Each entry needs to be reproduced exactly, with none left out.

━━━━━━━━━━━━━━━━━━━━━━━━━━━━━━

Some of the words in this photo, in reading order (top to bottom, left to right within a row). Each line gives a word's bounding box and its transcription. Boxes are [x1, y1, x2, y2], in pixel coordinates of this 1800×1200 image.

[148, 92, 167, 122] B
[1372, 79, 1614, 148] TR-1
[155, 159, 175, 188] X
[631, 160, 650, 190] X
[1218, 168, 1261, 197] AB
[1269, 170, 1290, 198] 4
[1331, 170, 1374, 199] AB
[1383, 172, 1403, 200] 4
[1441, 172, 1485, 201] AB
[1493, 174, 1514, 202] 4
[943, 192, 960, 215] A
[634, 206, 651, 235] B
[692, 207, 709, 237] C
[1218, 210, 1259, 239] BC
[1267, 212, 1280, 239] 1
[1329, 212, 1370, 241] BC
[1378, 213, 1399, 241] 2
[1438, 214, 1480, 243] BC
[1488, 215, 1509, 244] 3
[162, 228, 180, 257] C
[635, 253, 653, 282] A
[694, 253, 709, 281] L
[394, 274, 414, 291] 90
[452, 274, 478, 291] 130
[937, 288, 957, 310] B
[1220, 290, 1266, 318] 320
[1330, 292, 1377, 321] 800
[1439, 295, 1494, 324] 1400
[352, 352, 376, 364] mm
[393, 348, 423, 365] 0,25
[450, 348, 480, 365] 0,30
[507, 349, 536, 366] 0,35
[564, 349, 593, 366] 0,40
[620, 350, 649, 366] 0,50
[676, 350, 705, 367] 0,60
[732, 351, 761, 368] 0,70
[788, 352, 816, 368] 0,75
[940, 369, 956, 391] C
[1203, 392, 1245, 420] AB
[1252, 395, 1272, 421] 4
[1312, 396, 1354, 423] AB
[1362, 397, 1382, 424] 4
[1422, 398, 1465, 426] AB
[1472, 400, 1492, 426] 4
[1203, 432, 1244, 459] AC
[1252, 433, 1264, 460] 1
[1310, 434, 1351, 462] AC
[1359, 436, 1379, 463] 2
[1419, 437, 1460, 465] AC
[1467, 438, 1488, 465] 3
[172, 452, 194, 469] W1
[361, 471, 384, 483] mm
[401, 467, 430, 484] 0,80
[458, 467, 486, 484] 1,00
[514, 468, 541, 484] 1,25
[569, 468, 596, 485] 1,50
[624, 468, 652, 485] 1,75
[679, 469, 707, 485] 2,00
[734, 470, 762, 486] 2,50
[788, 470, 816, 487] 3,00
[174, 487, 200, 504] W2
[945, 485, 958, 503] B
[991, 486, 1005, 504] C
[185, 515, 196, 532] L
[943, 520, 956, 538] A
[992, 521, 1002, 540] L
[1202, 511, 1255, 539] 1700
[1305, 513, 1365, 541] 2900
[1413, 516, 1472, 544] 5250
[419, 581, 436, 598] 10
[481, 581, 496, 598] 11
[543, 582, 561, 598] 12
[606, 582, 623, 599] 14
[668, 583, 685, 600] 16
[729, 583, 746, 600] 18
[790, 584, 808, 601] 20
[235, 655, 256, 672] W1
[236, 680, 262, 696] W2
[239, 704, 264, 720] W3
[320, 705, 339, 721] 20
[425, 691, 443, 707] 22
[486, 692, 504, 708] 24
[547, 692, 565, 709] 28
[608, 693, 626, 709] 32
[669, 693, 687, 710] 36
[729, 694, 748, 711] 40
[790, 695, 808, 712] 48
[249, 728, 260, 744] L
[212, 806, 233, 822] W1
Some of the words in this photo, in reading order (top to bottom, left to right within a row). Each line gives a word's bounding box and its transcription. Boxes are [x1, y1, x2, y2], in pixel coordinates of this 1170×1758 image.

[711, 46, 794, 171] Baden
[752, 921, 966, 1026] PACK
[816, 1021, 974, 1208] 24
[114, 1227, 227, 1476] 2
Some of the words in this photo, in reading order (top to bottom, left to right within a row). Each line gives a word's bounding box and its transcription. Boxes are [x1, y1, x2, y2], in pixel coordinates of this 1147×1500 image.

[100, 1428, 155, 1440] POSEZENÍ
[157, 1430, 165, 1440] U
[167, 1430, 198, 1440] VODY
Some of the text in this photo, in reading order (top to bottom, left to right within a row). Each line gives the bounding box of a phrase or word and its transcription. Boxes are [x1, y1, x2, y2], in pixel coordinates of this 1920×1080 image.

━━━━━━━━━━━━━━━━━━━━━━━━━━━━━━

» **RESPONSE**
Some of the words in this photo, in reading order (top to bottom, left to right within a row). Each line gives a word's bounding box and its transcription. Boxes are [x1, y1, x2, y2], in pixel coordinates of this 1800×1200 image.

[148, 92, 167, 122] B
[1372, 79, 1614, 148] TR-1
[155, 159, 175, 188] X
[631, 160, 650, 190] X
[1218, 168, 1261, 197] AB
[1269, 170, 1290, 198] 4
[1331, 170, 1374, 199] AB
[1383, 172, 1403, 200] 4
[1441, 172, 1485, 201] AB
[1493, 174, 1514, 202] 4
[943, 192, 960, 215] A
[634, 206, 651, 235] B
[692, 207, 709, 237] C
[1218, 210, 1259, 239] BC
[1267, 212, 1280, 239] 1
[1329, 212, 1370, 241] BC
[1378, 213, 1399, 241] 2
[1438, 214, 1480, 243] BC
[1488, 215, 1509, 244] 3
[162, 228, 180, 257] C
[635, 253, 653, 282] A
[694, 253, 709, 281] L
[394, 274, 414, 291] 90
[452, 274, 478, 291] 130
[937, 288, 957, 310] B
[1220, 290, 1266, 318] 320
[1330, 292, 1377, 321] 800
[1439, 295, 1494, 324] 1400
[352, 352, 376, 364] mm
[393, 348, 423, 365] 0,25
[450, 348, 480, 365] 0,30
[507, 349, 536, 366] 0,35
[564, 349, 593, 366] 0,40
[620, 350, 649, 366] 0,50
[676, 350, 705, 367] 0,60
[732, 351, 761, 368] 0,70
[788, 352, 816, 368] 0,75
[940, 369, 956, 391] C
[1203, 392, 1245, 420] AB
[1252, 395, 1272, 421] 4
[1312, 396, 1354, 423] AB
[1362, 397, 1382, 424] 4
[1422, 398, 1465, 426] AB
[1472, 400, 1492, 426] 4
[1203, 432, 1244, 459] AC
[1252, 433, 1264, 460] 1
[1310, 434, 1351, 462] AC
[1359, 436, 1379, 463] 2
[1419, 437, 1460, 465] AC
[1467, 438, 1488, 465] 3
[172, 452, 194, 469] W1
[361, 471, 384, 483] mm
[401, 467, 430, 484] 0,80
[458, 467, 486, 484] 1,00
[514, 468, 541, 484] 1,25
[569, 468, 596, 485] 1,50
[624, 468, 652, 485] 1,75
[679, 469, 707, 485] 2,00
[734, 470, 762, 486] 2,50
[788, 470, 816, 487] 3,00
[174, 487, 200, 504] W2
[945, 485, 958, 503] B
[991, 486, 1005, 504] C
[185, 515, 196, 532] L
[943, 520, 956, 538] A
[992, 521, 1002, 540] L
[1202, 511, 1255, 539] 1700
[1305, 513, 1365, 541] 2900
[1413, 516, 1472, 544] 5250
[419, 581, 436, 598] 10
[481, 581, 496, 598] 11
[543, 582, 561, 598] 12
[606, 582, 623, 599] 14
[668, 583, 685, 600] 16
[729, 583, 746, 600] 18
[790, 584, 808, 601] 20
[235, 655, 256, 672] W1
[236, 680, 262, 696] W2
[239, 704, 264, 720] W3
[320, 705, 339, 721] 20
[425, 691, 443, 707] 22
[486, 692, 504, 708] 24
[547, 692, 565, 709] 28
[608, 693, 626, 709] 32
[669, 693, 687, 710] 36
[729, 694, 748, 711] 40
[790, 695, 808, 712] 48
[249, 728, 260, 744] L
[212, 806, 233, 822] W1
Some of the words in this photo, in reading order (top to bottom, left to right within a row). Each line gives a word's bounding box and its transcription. Boxes are [x1, y1, x2, y2], in pixel coordinates of this 1170×1758 image.

[711, 46, 794, 171] Baden
[752, 921, 966, 1026] PACK
[816, 1021, 974, 1208] 24
[114, 1227, 227, 1476] 2
Some of the words in this photo, in reading order (top to bottom, left to right within a row). Each line gives a word's bounding box and its transcription. Boxes are [x1, y1, x2, y2], in pixel coordinates of this 1147×1500 image.

[100, 1428, 155, 1440] POSEZENÍ
[157, 1430, 165, 1440] U
[167, 1430, 198, 1440] VODY
Some of the text in this photo, in reading order (top to bottom, left to right within a row). Each line gives the bounding box of a phrase or word and its transcription. Boxes are [x1, y1, x2, y2], in pixel coordinates of this 1920×1080 image.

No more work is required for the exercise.